Feel sorry for your DH if he is struggling with his grief though, perhaps he should take the second week to spend some time with a therapist. Xxx

RealRaymondReddington · 21/03/2022 15:12

I also think you should ask him to think about what his father would say to him. It would probably be to live his life and spend quality time with his children rather than moping at a graveside. Surely a better time to visit a grave is on the anniversary of someone's death anyway. I really just don't see how birthdays are relevant when you aren't alive anymore.

MotherofTerriers · 21/03/2022 15:13

I'd give him three choices:
You all go on holiday as planned and he marks the birthday in some way there, and then goes to the grave before or after your holiday
You all go on holiday as planned and he gets a flight back for a couple of days for the birthday then rejoins you
You go without him. In which case pick somewhere with good kids clubs so you're not wrangling all of them by yourself

gogohm · 21/03/2022 15:13

Can't you rearrange your holidays at work and go for 10 days before or after the birthday weekend

Celtic1hair · 21/03/2022 15:13

@2022HereWeCome

OP I've read your replies and personally I think you should compromise this year, but make it clear it is a one-off.

I would look into doing a UK holiday this year - stay somewhere on the way down to his family, for a few days the Sunday or whatever remembering your DH dad with his family and then somewhere else in UK for the remainder of the two weeks.

If I've read your posts correctly you've booked the time off work (which can't be changed but not an actual holiday)

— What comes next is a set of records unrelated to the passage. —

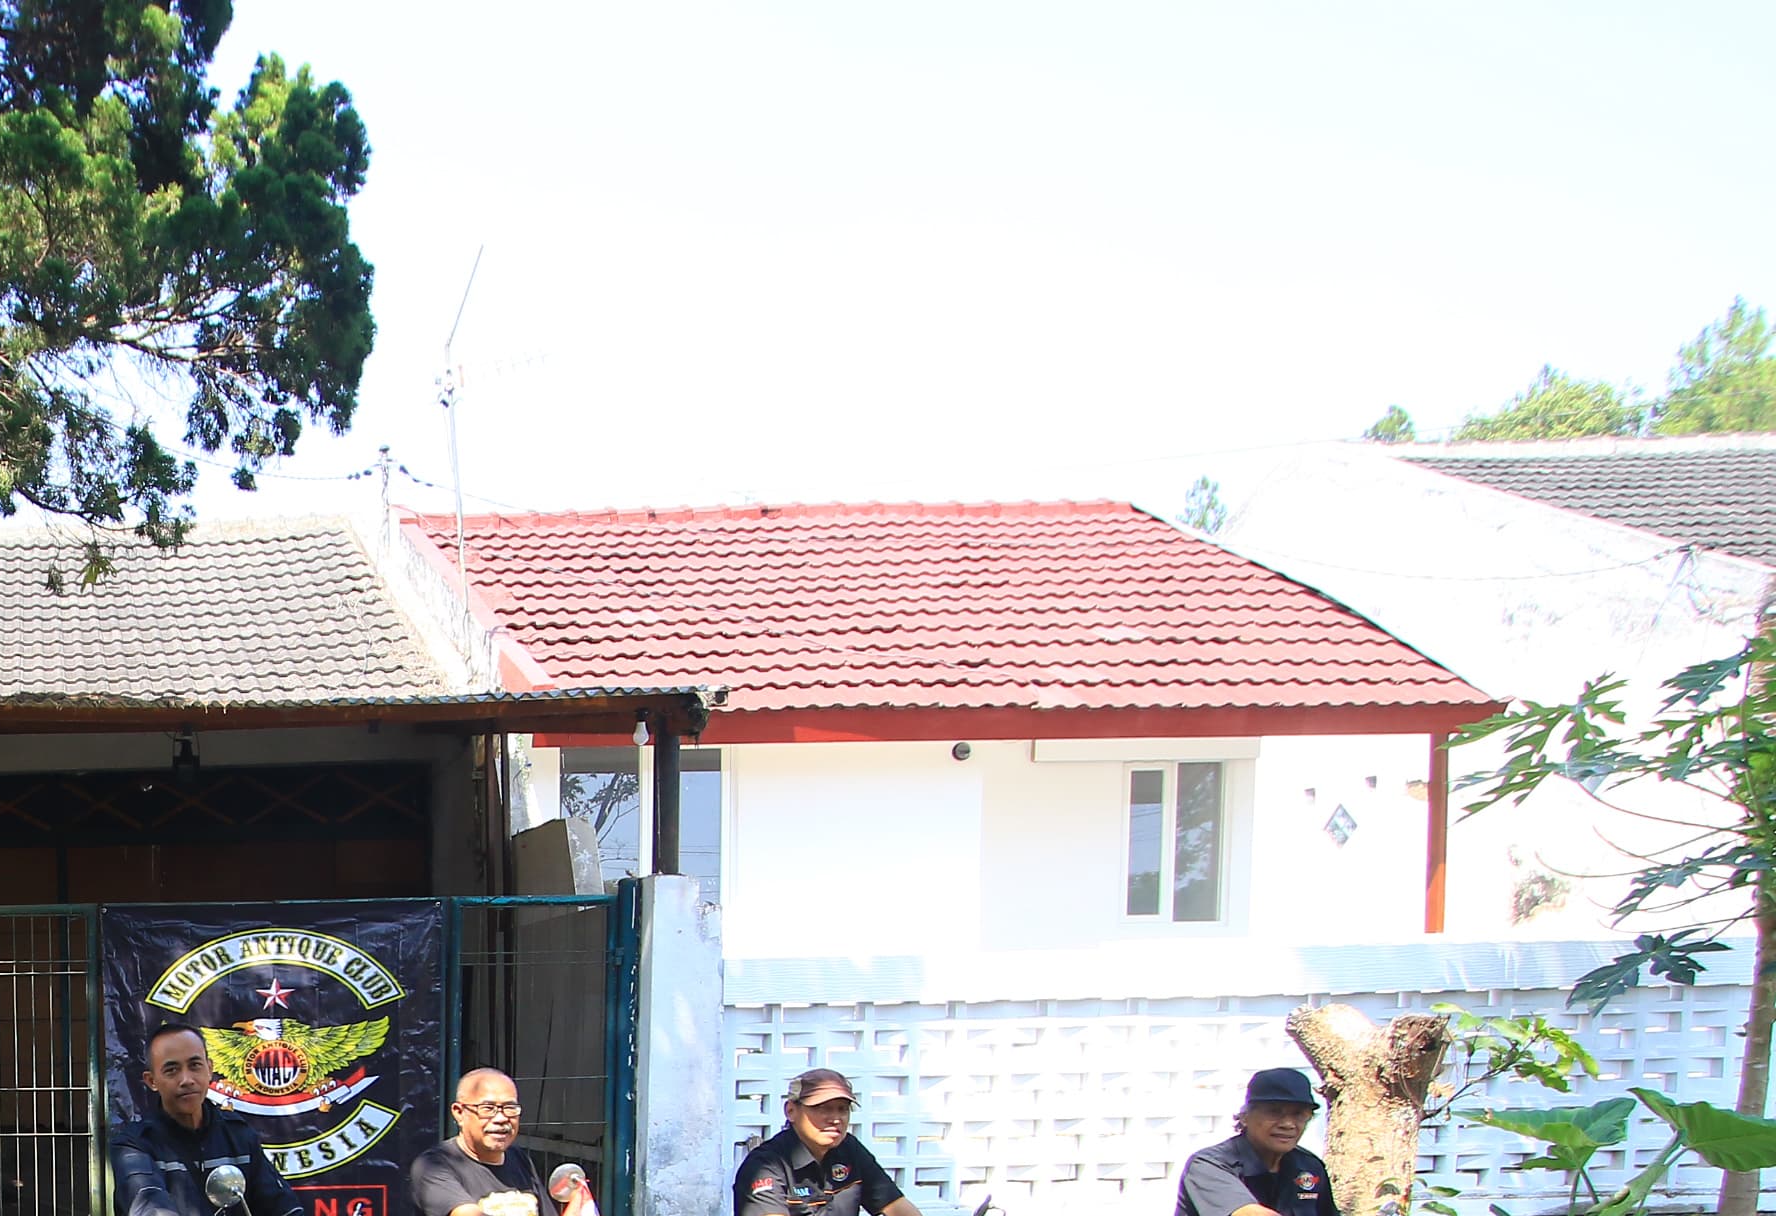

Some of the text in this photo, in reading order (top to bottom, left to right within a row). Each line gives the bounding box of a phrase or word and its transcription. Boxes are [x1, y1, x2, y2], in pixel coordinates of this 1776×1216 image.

[159, 935, 394, 1002] MOTOR ANTIQUE CLUB
[245, 1042, 307, 1075] MOTOR ANTIQUE CLUB
[255, 1083, 299, 1094] INDONESIA
[270, 1117, 379, 1172] NESIA
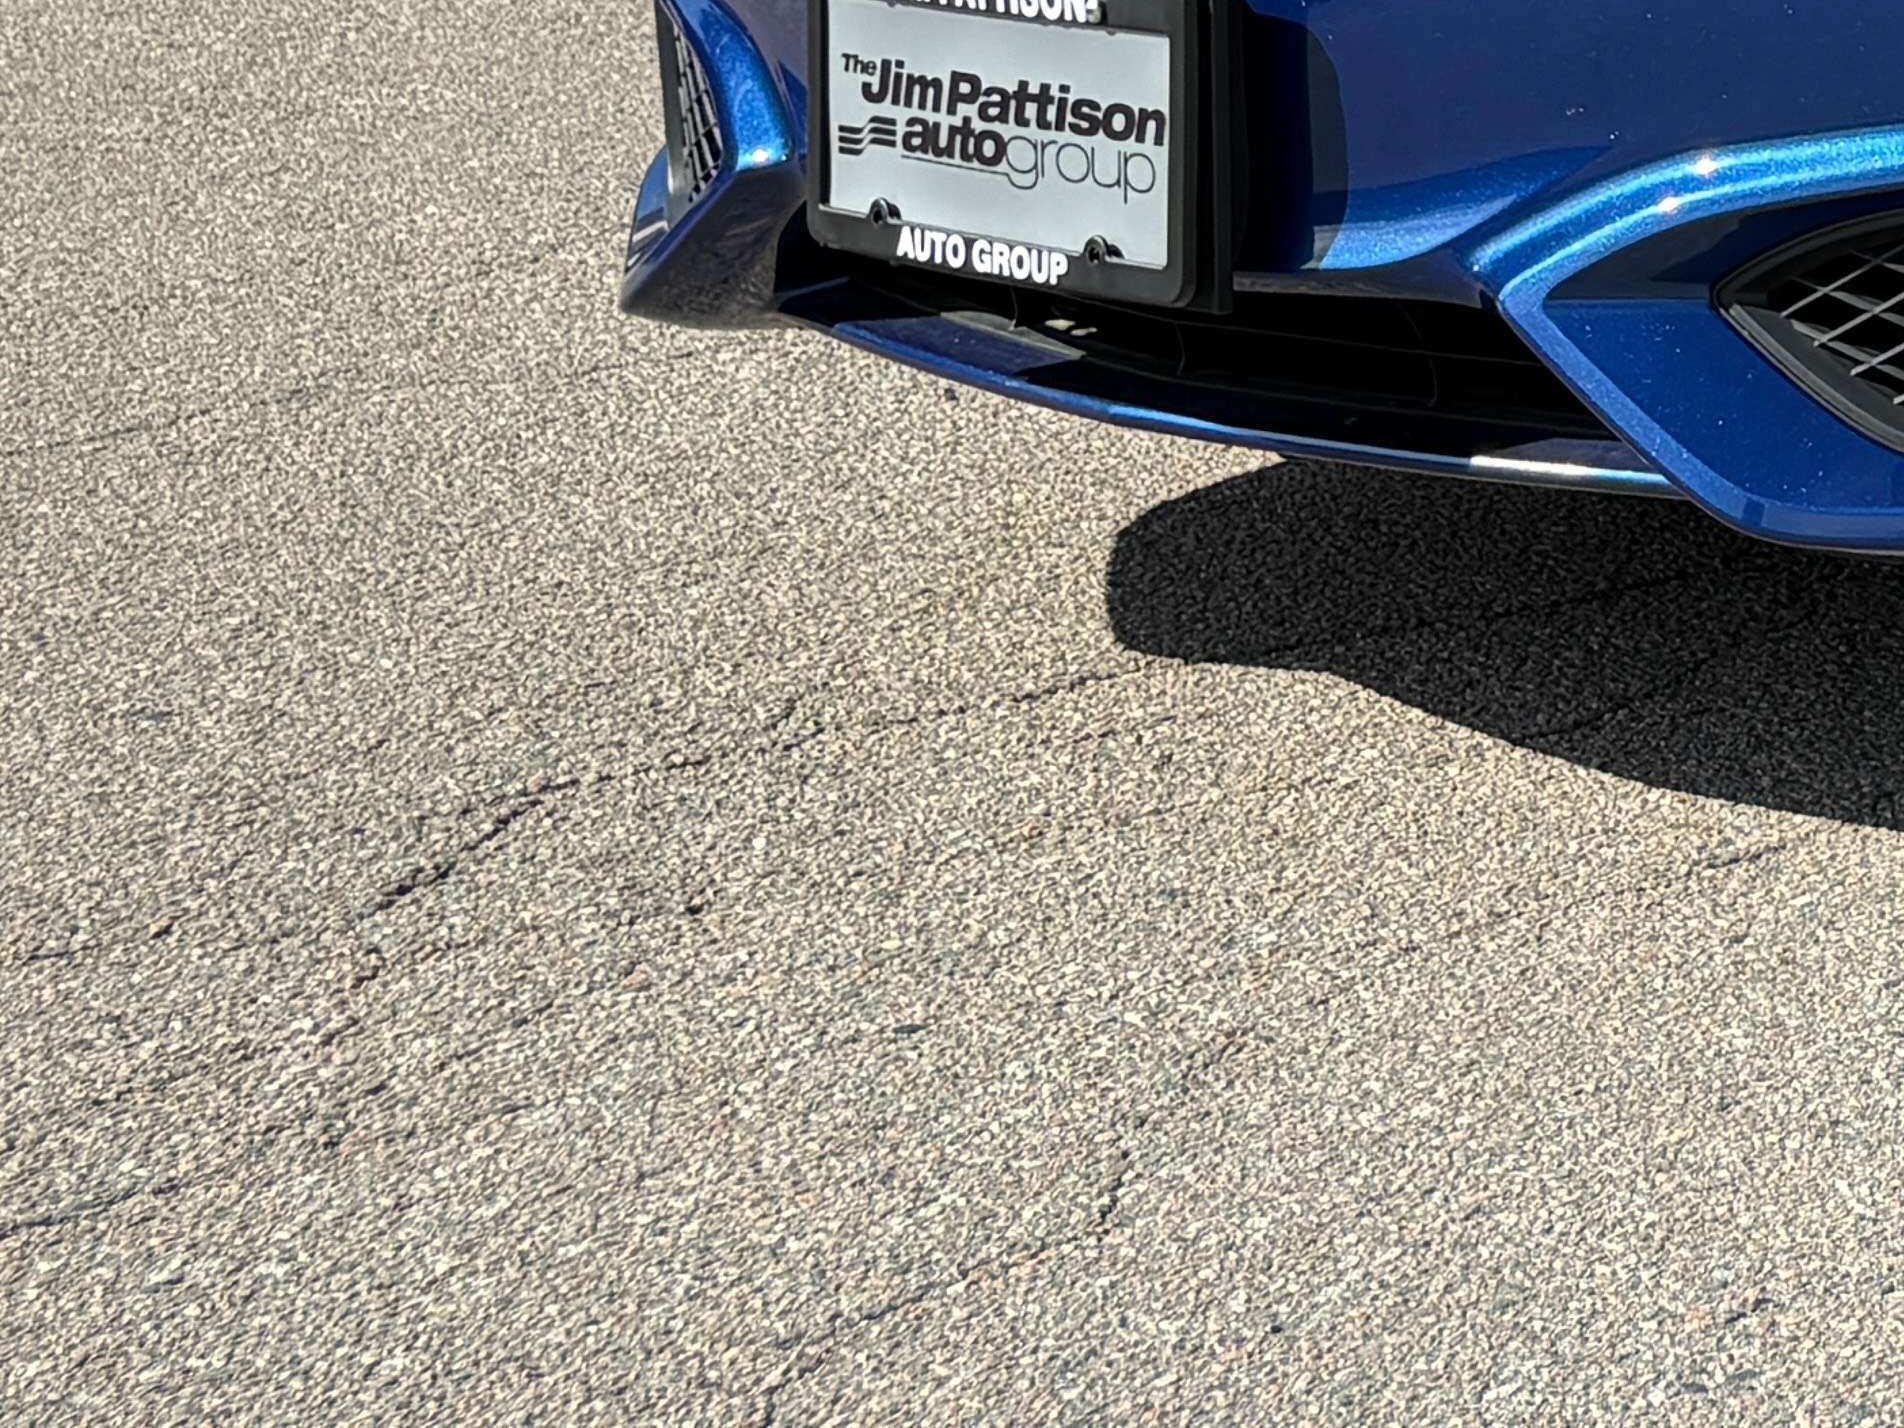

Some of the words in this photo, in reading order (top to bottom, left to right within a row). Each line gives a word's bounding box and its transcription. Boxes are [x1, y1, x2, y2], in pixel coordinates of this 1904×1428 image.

[841, 53, 878, 78] The
[896, 225, 967, 270] AUTO
[972, 237, 1069, 286] GROUP
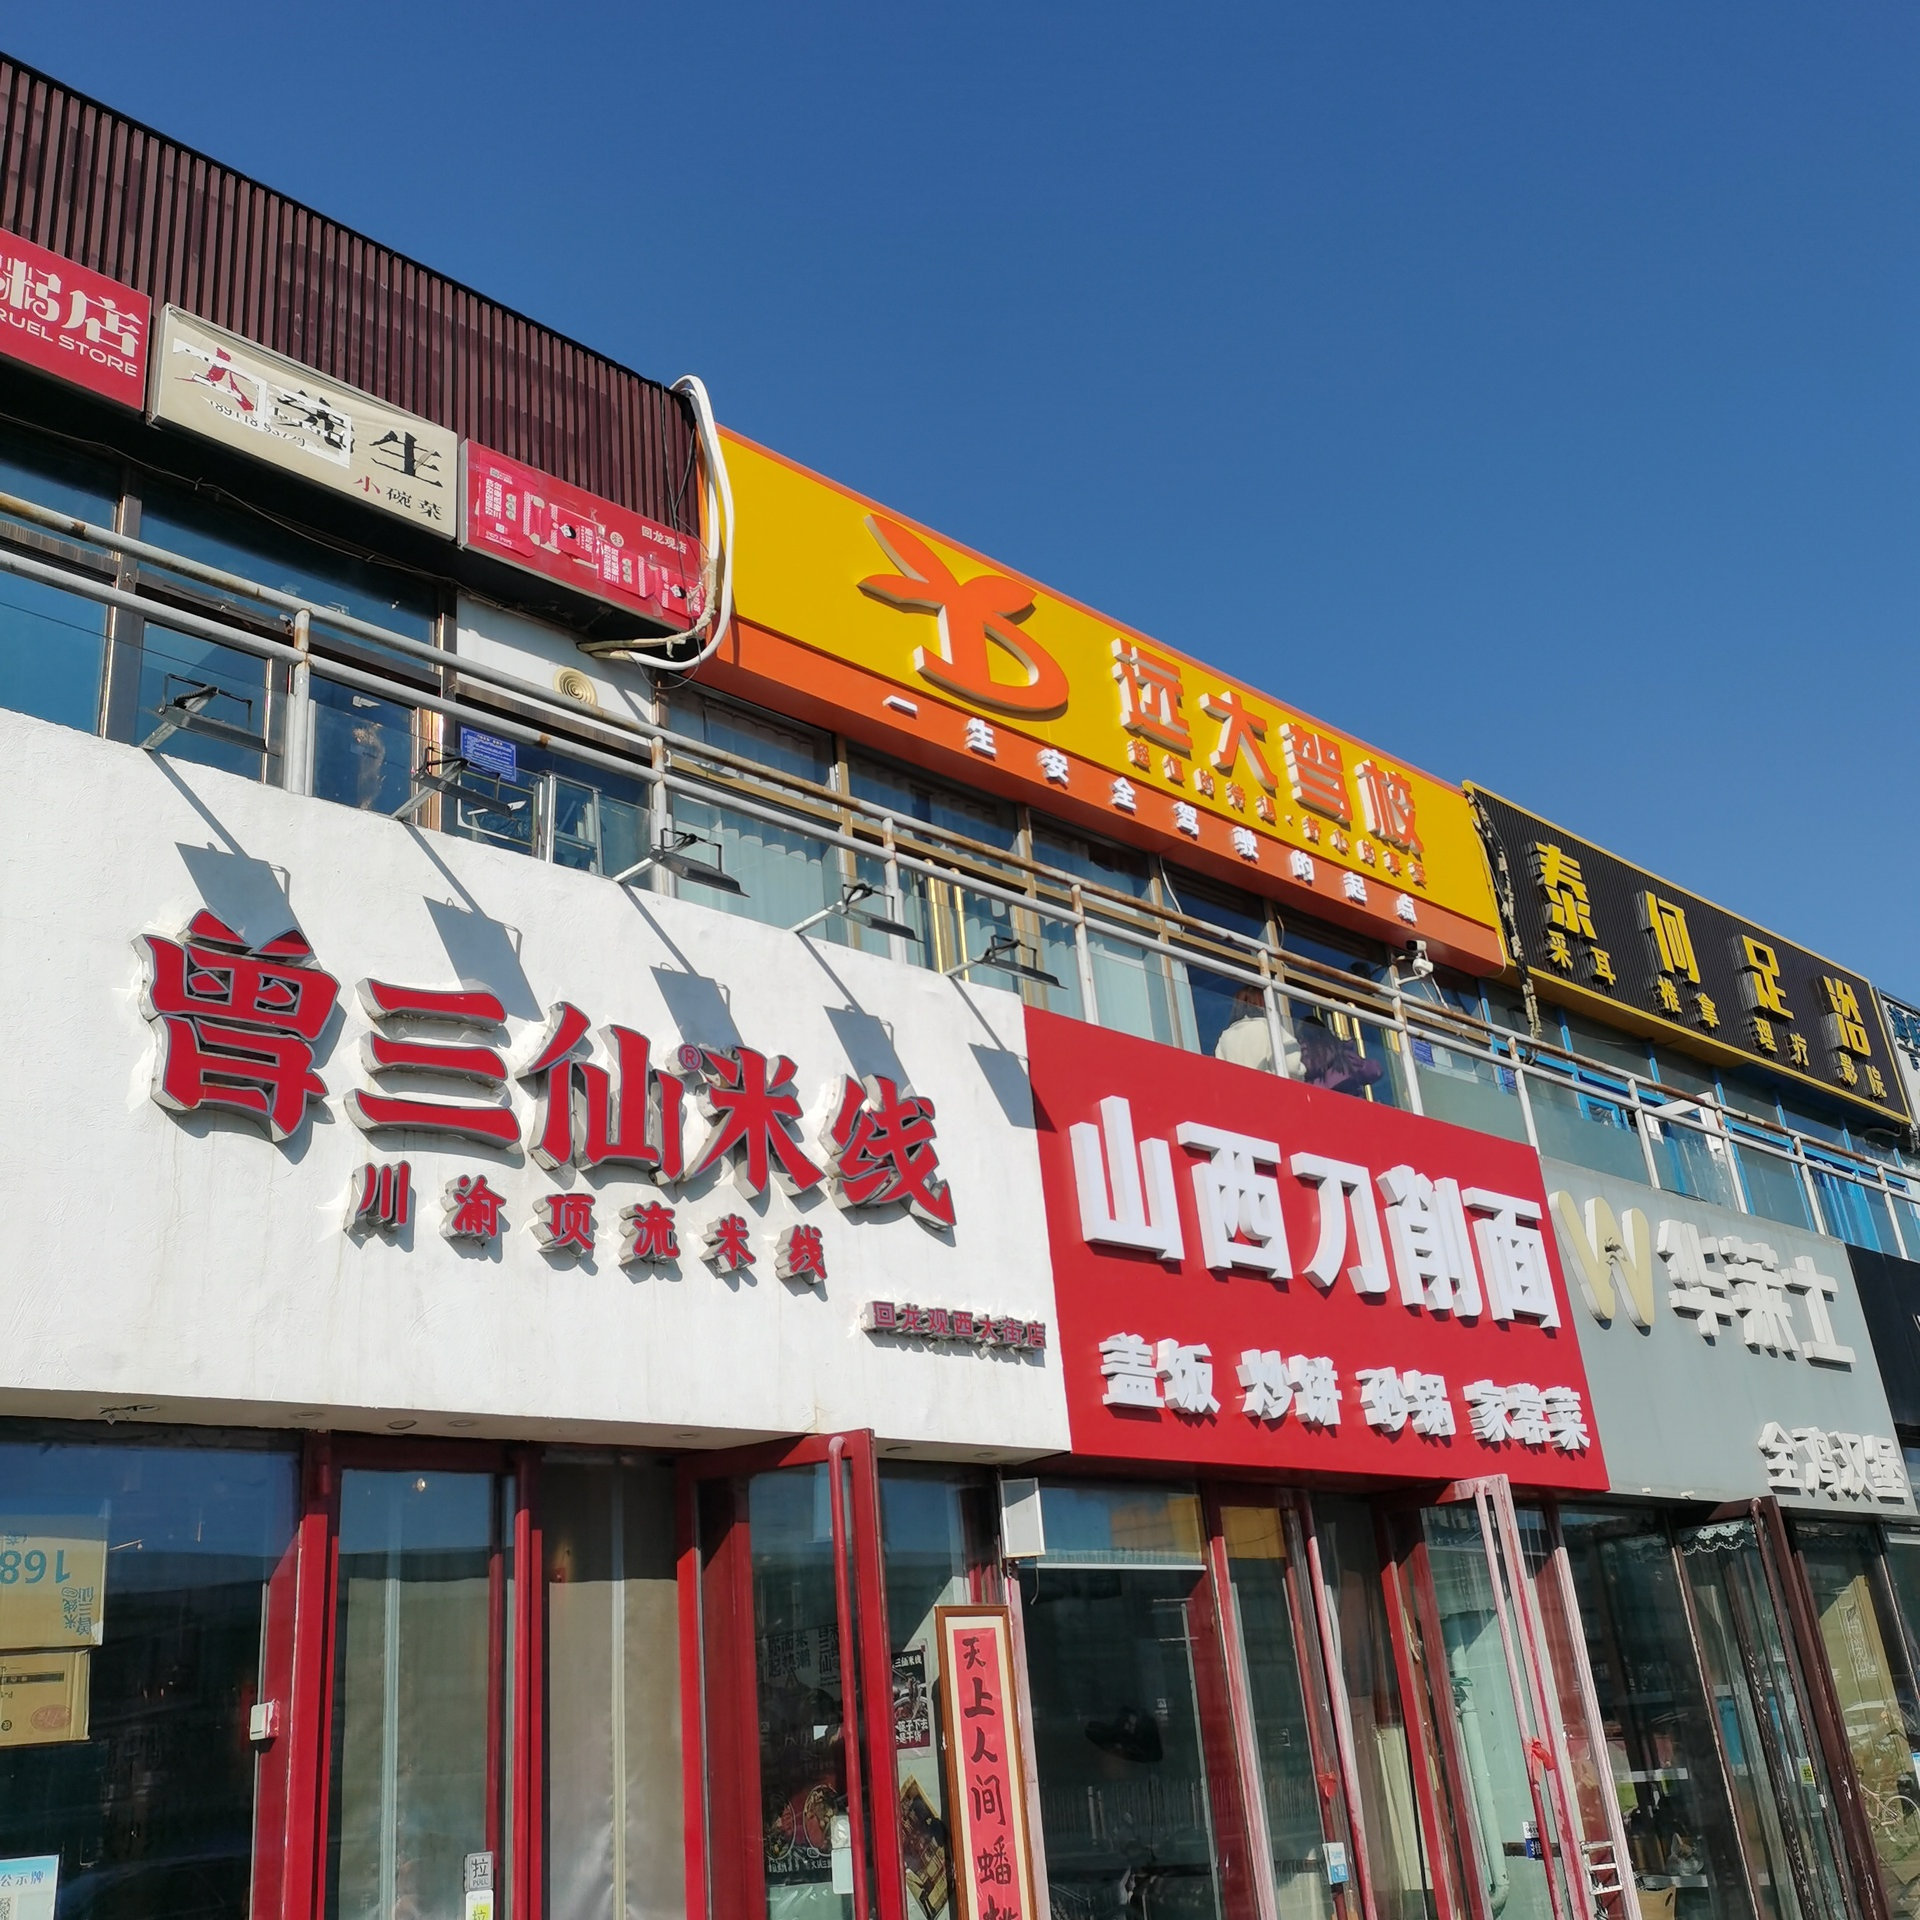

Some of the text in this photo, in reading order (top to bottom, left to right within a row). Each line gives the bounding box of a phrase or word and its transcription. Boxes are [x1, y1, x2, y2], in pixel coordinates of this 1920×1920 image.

I know you want to go abroad but having a UK holiday this year and allowing DH to spend time with his family at this juncture seems an OK alternative. I would be willing to do this once but make it clear that the day cannot be kept free in perpetuity and that it is unfair of him to expect this moving forward

Can I genuinely ask why you think I should compromise this year? Because I seem to be having a mental block and want to understand where he is coming from? I'm not saying there is a time limit on grief, and honestly any anniversary, special event will be just as shit. But we haven't been away for 3 years, the smallest two have no recollection of being on holiday. Its him that has pushed it and I can't believe his grieving is taking him to a place that he is not really seeing that as important as he did last week when he hadn't clocked the dates. Will sacrificing the holiday this year help him?
OP posts:
eldora · 21/03/2022 15:13

It's very telling that it's this year, when there is a family holiday planned, that he has pulled this shit.

I'm not buying the big birthday nonsense, that's a milestone you celebrate when you're alive.

Headabovetheparakeet · 21/03/2022 15:16

I'm lucky enough to have both of my parents and he hopes he is more supportive when that time will come (hopefully in the very far future).

Has he actually said that to you? If so, I think he's been totally unreasonable. Grief isn't a game of top trumps and I say that as someone who has lost both my parents.

Headabovetheparakeet · 21/03/2022 15:19

@Beansontoastagain

My dad died 3 years ago. Every year his birthday hits me like a tonne of bricks and I find it hard to think of anything else. Grief is a horrible thing to deal with but it always seems so much worse on his birthday. I can see your dh point and also yours. Would you be able to compromise with a mini break of 5 days away either before or after the date.
If he felt the same then perhaps he would have remembered that his dad's birthday fell during the two weeks they had discussed going away?
OrangeBlossomsinthesun · 21/03/2022 15:19

You can go away for a week Saturday to Saturday and he can do what he wants on the Sunday. It doesn't have to be all or nothing. A week away is a perfectly good holiday.

newyearnewwname2022 · 21/03/2022 15:20

Will he even enjoy a holiday under this circumstances if he’s feeling guilty and grief-y and sad? My Dad died when I was in my early 20’s and we always, always make space for the anniversary and birthdays because I sometimes end up very miserable and sad. I’d never dream of going on holiday then for fear of ruining it. I actually find it really strange neither of you remembered… my DH would never ever forget those dates.